ReactiveSecurityContextHolder.getContext() is broken when used with Mono.toFuture().

[dave-fl]

Summary

ReactiveSecurityContextHolder is broken when used with Futures. It does not always provide results and sometimes just fires the onComplete signal.

Actual Behavior

Executes onComplete()

Expected Behavior

Should execute onNext()

Version

5.0.7 Release

Sample

@Test
public void testWorkingContext() {
	Authentication authentication = new PreAuthenticatedAuthenticationToken("TEST", "");
	Mono<String> working = ReactiveSecurityContextHolder.getContext()
			.map(securityContext -> (String)securityContext.getAuthentication().getPrincipal());

	Mono<String> stringMono = working.subscriberContext(ReactiveSecurityContextHolder.withAuthentication(authentication));
	StepVerifier.create(stringMono).expectNext("TEST").verifyComplete();
}


@Test
public void testBrokenContext() {
	Authentication authentication = new PreAuthenticatedAuthenticationToken("TEST", "");
	Mono<String> working = ReactiveSecurityContextHolder.getContext()
			.map(securityContext -> (String)securityContext.getAuthentication().getPrincipal());
	Mono<String> broken = Mono.fromFuture(working.toFuture());
	Mono<String> stringMono = broken.subscriberContext(ReactiveSecurityContextHolder.withAuthentication(authentication));
	StepVerifier.create(stringMono).expectNext("TEST").verifyComplete();
}

[rwinch]

Thanks for the report. If it is just an arbitrary Future I would not expect it to work. However, if the Future was produced from a Mono I would think it could work. If it were to work it would be a Project Reactor change.

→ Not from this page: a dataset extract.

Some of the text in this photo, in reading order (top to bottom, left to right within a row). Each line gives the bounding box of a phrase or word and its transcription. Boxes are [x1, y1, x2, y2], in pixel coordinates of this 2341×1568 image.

What are your thoughts @simonbasle and @smaldini?

[dave-fl]

@rwinch In my test, the CompletableFuture is produced from a Mono.

[rwinch]

@dave-fl Right. This is why I didn't immediately close the issue since this seems somewhat reasonable to support to me.

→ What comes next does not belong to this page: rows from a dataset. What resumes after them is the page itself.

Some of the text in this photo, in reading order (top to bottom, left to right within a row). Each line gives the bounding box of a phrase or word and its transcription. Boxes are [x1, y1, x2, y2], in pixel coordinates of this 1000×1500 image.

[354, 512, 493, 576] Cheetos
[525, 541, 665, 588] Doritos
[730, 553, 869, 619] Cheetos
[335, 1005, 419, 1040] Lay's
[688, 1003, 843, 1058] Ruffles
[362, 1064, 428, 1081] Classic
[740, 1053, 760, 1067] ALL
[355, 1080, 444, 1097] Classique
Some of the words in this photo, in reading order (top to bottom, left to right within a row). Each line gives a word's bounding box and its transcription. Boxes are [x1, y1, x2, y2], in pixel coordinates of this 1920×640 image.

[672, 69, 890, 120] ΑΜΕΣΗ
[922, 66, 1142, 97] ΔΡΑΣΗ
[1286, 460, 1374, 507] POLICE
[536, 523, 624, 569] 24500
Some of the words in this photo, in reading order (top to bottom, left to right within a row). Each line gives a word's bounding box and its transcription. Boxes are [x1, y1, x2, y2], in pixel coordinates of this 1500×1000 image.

In any case, this is something we will need Project Reactor to support. which is why I pinged Simon and Stephane. We will wait to see what their thoughts are.

[dave-fl]

Another simple example.

@Test
public void simple() {
	Authentication authentication = new PreAuthenticatedAuthenticationToken("SIMPLE SIMON", "");
	Mono<String> context = ReactiveSecurityContextHolder.getContext().flatMap(securityContext -> {
		return Mono.just((String)securityContext.getAuthentication().getPrincipal());
	});

	Mono<String> wrappedWithSubscribe = Mono.create(monoSink -> context.subscribe(s -> monoSink.success(s), e -> monoSink.error(e), () -> monoSink.success()));
	Mono<String> addedContext = wrappedWithSubscribe
			.subscriberContext(ReactiveSecurityContextHolder.withAuthentication(authentication));

	StepVerifier.create(addedContext).expectNext("SIMPLE SIMON").verifyComplete();
}

[simonbasle]

@dave-fl you are switching to a Future and then back to a Mono. The Context is purely a Reactor concept, and is propagated along Reactive Streams signals by Flux and Mono as long as you don't break the chain of operators (your second example with a subscribe breaks that assumption).

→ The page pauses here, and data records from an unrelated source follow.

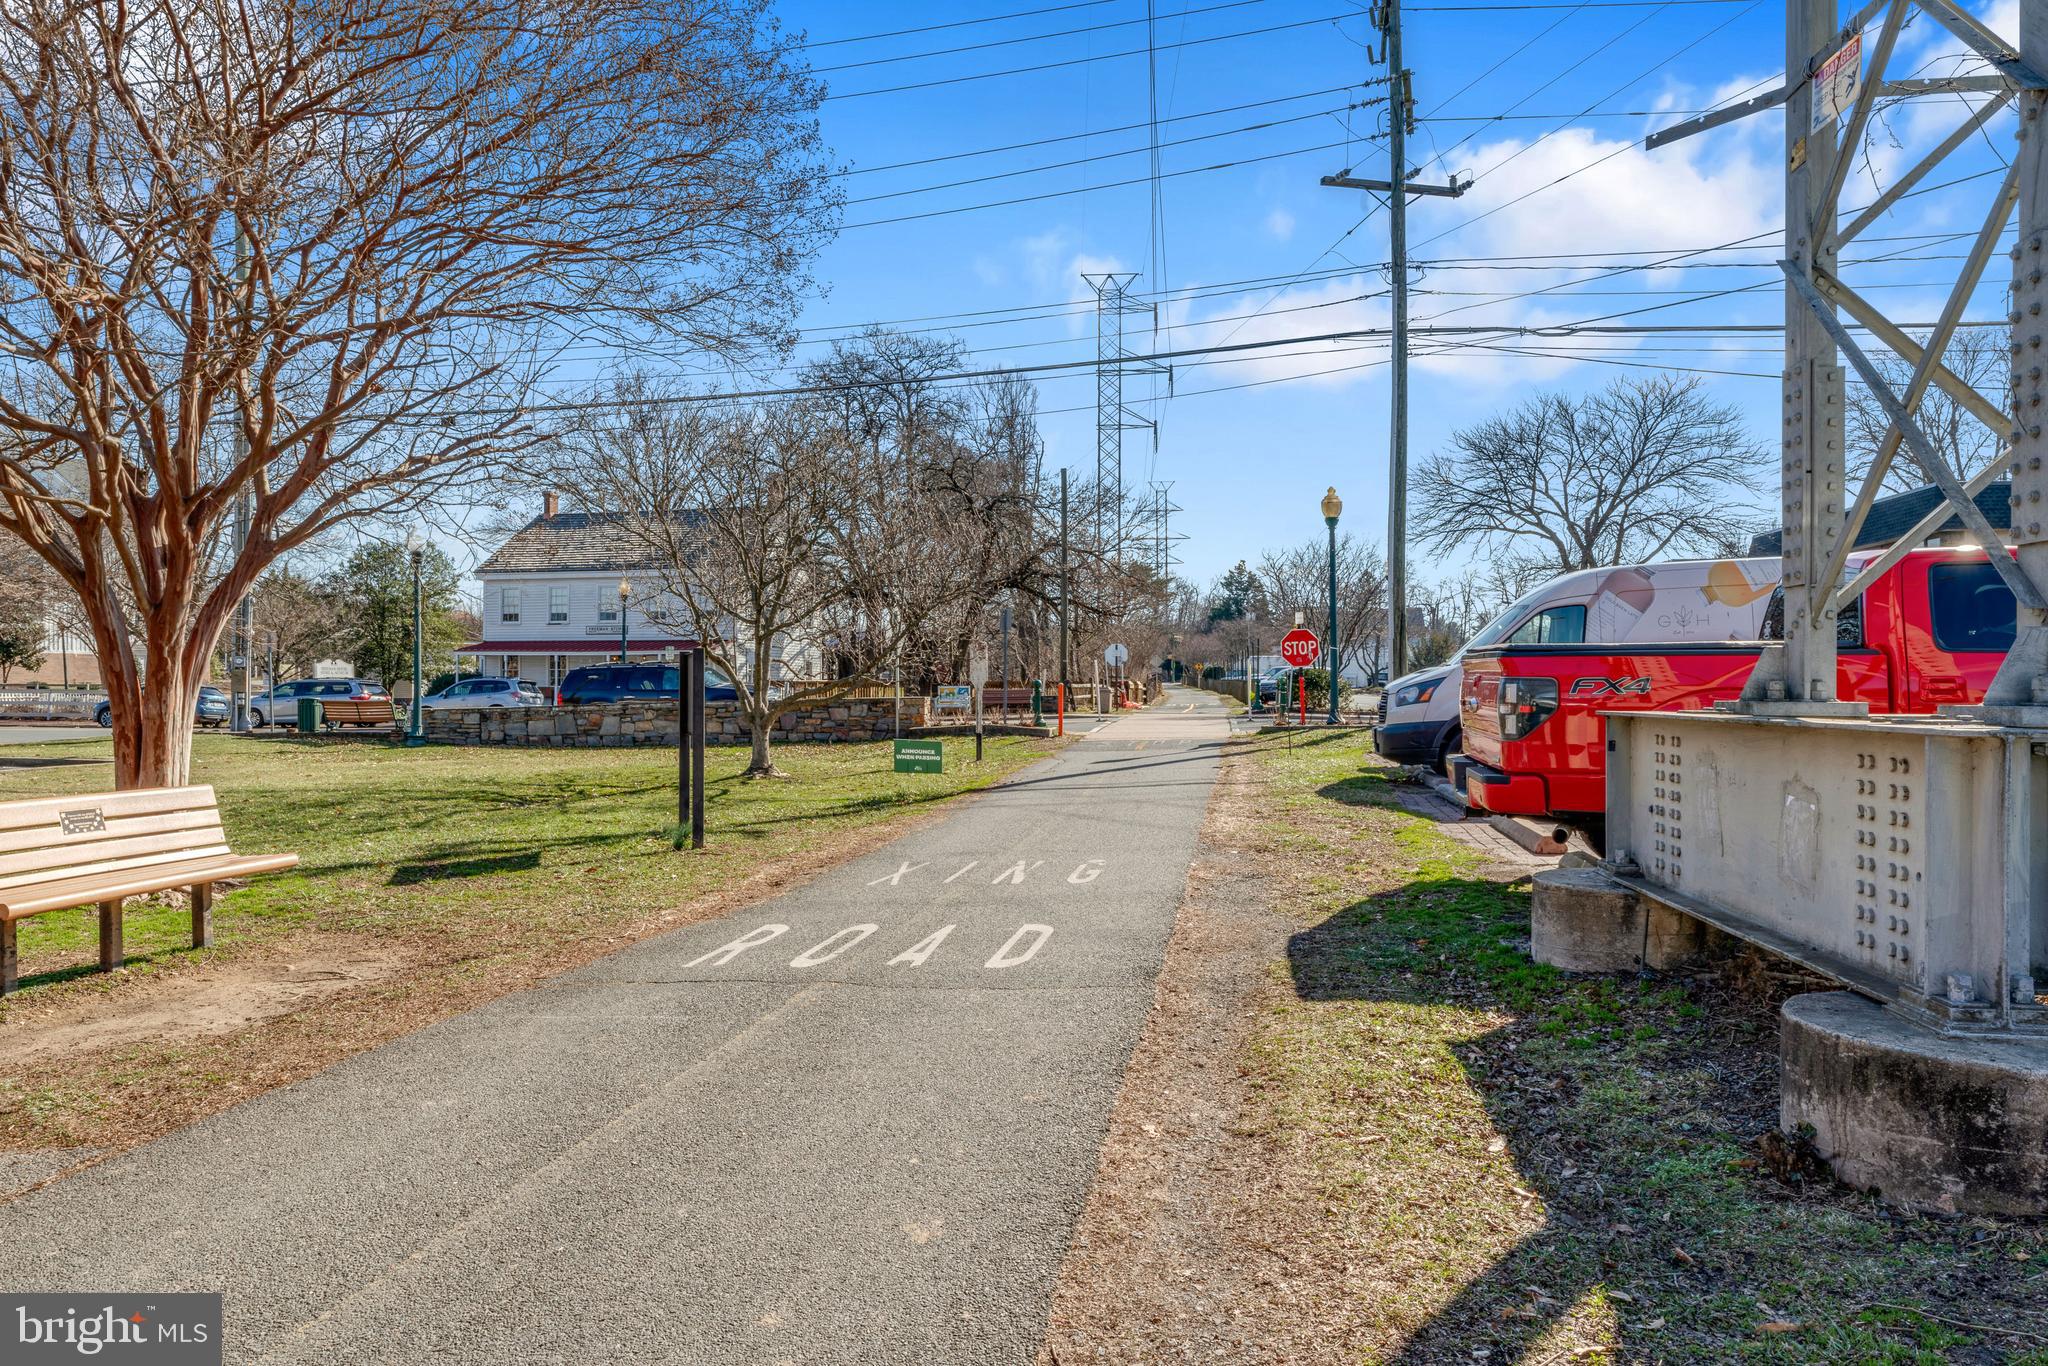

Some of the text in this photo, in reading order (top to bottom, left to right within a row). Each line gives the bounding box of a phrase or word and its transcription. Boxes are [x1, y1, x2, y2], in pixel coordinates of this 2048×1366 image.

[1823, 43, 1858, 80] DANGER
[1283, 641, 1317, 656] STOP
[1568, 676, 1652, 695] FX4
[867, 859, 1106, 886] XING
[682, 923, 1055, 968] ROAD

I gather you did that first test to simulate using an external Future-based API in the middle?

The MonoCompletionStage can probably be made aware of the Context of a MonoToFuture instance, but that would only help if you're guaranteed that external API doesn't wrap the Mono-produced Future, or change it in any way.

[dave-fl]

@simonbasle Yes using Caffeine Async Cache - which uses futures. I don't believe it changes the future as its just storing what its being provided.

[dave-fl]

Is there anything that can be done with the subscription to preserve the context?

[simonbasle]

Is there anything that can be done with the subscription to preserve the context?

How do you mean? Context is accessed by an operator's internal Subscriber by looking at its immediate downstream Subscriber. If there is a stopgap in the reactive chain and there's no such Subscriber, then the Context cannot be accessed.

[dave-fl]

@simonbasle I guess what I am asking you is that if one wanted to introduce their own Mono as I have done in this example, is there not a means to patch in that context so that chain is not broken e.g. do whatever it is that is normally done in the completion stage.

[simonbasle]

The sink has a currentContext() method so you could do sink -> context.subscriberContext(sink.currentContext()).subscribe(...).

That said, subscribe inside create is an anti-pattern to me, and it achieves nothing. Probably just an attempt at reproducing the issue, but it fails by nature and not as a byproduct of a bug. (bit like saying "this code throws a NPE: throw new NullPointerException();" 😄).

[sepanniemi]

The same problem seems to exist if I try to use SecurityContext in RxJava2 flow.

Single.fromPublisher(ReactiveSecurityContextHolder.getContext())

Is there any way to access the current security context if using RxJava data types in WebFlux RestController?

I tried also with RxJava2Adapter and with Mono.toFuture, as said above the context is visible only when staying purely in reactor flow.